QCoder

Editorial

This problem involves amplifying the probability amplitudes of specific computational basis states, assuming the use of Grover's algorithm, as in Problem B6.

The probability $P(r)$ of observing the target computational basis state after performing Grover iterations $r$ times is expressed by

\begin{equation} P(r) = \sin^2\left(\left(r + \frac{1}{2}\right)\theta\right), \end{equation}

where $\theta = 2\arcsin(1/\sqrt{2^n})$ .

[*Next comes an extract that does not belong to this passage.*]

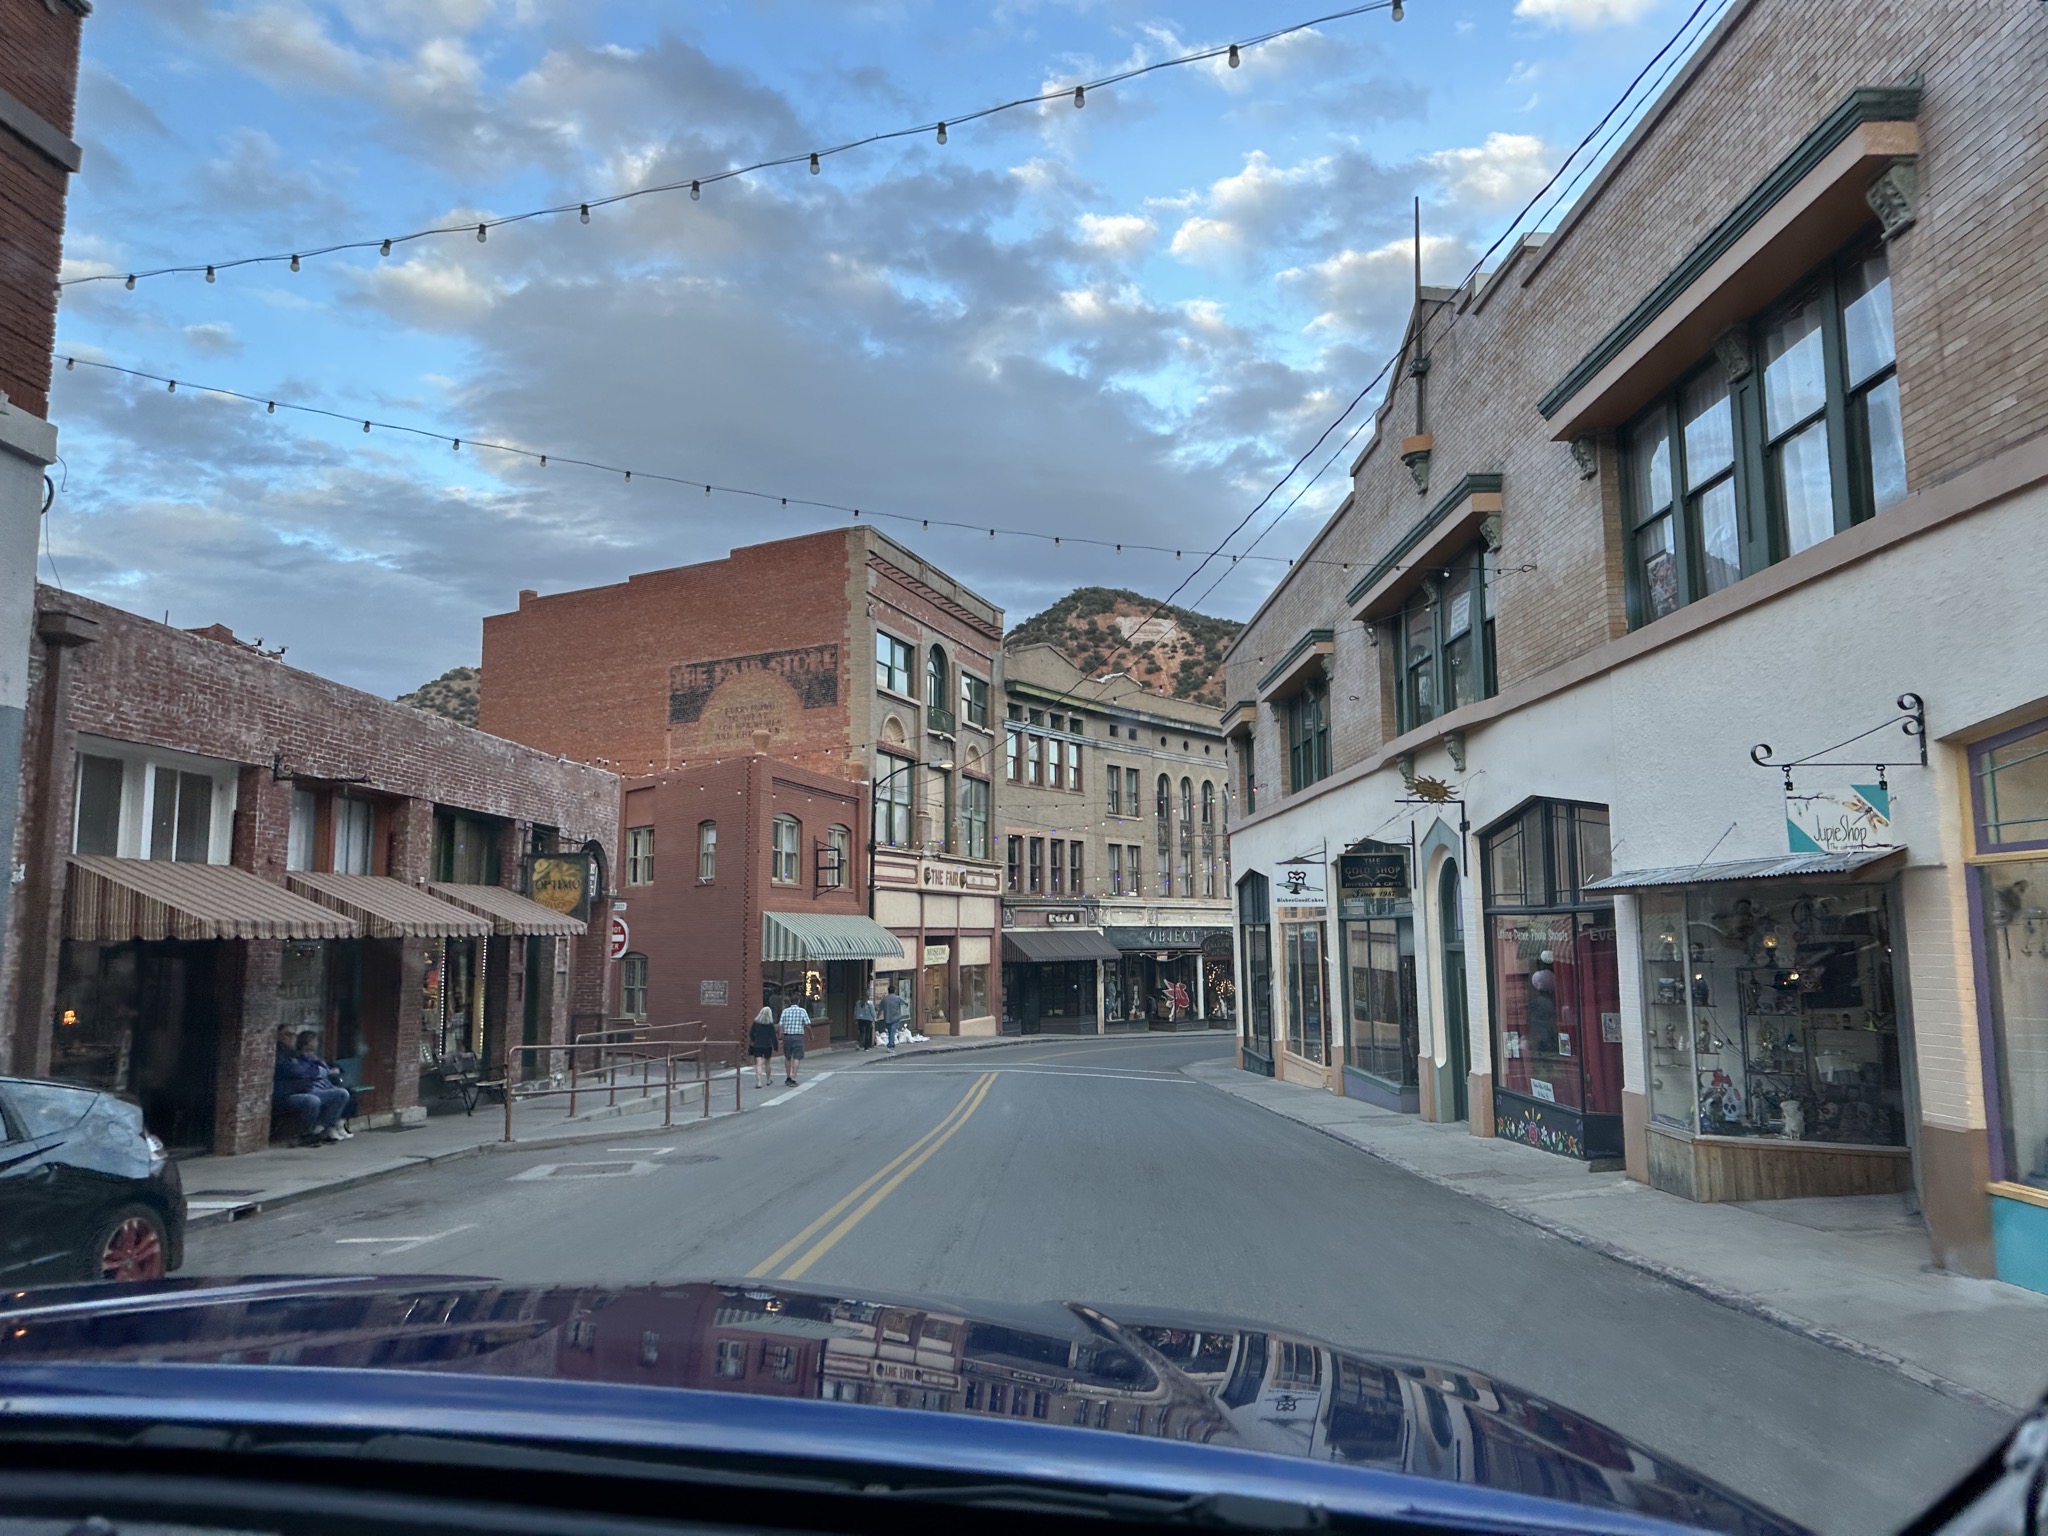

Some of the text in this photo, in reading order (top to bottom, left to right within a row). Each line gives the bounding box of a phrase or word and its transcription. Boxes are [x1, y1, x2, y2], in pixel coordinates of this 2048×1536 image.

The positive minimum real number $r_{\mathrm{min}}$ that satisfies $P(r)=1$ can be given by

\begin{equation} r_{\mathrm{min}}=\frac{\pi}{2\theta}-\frac{1}{2}. \end{equation}

In practice, the number of iterations must be an integer, but within the constraints of this problem, it can be confirmed that rounding $r_{\mathrm{min}}$ to an integer satisfies $|a_L|^2\geq 0.9$ .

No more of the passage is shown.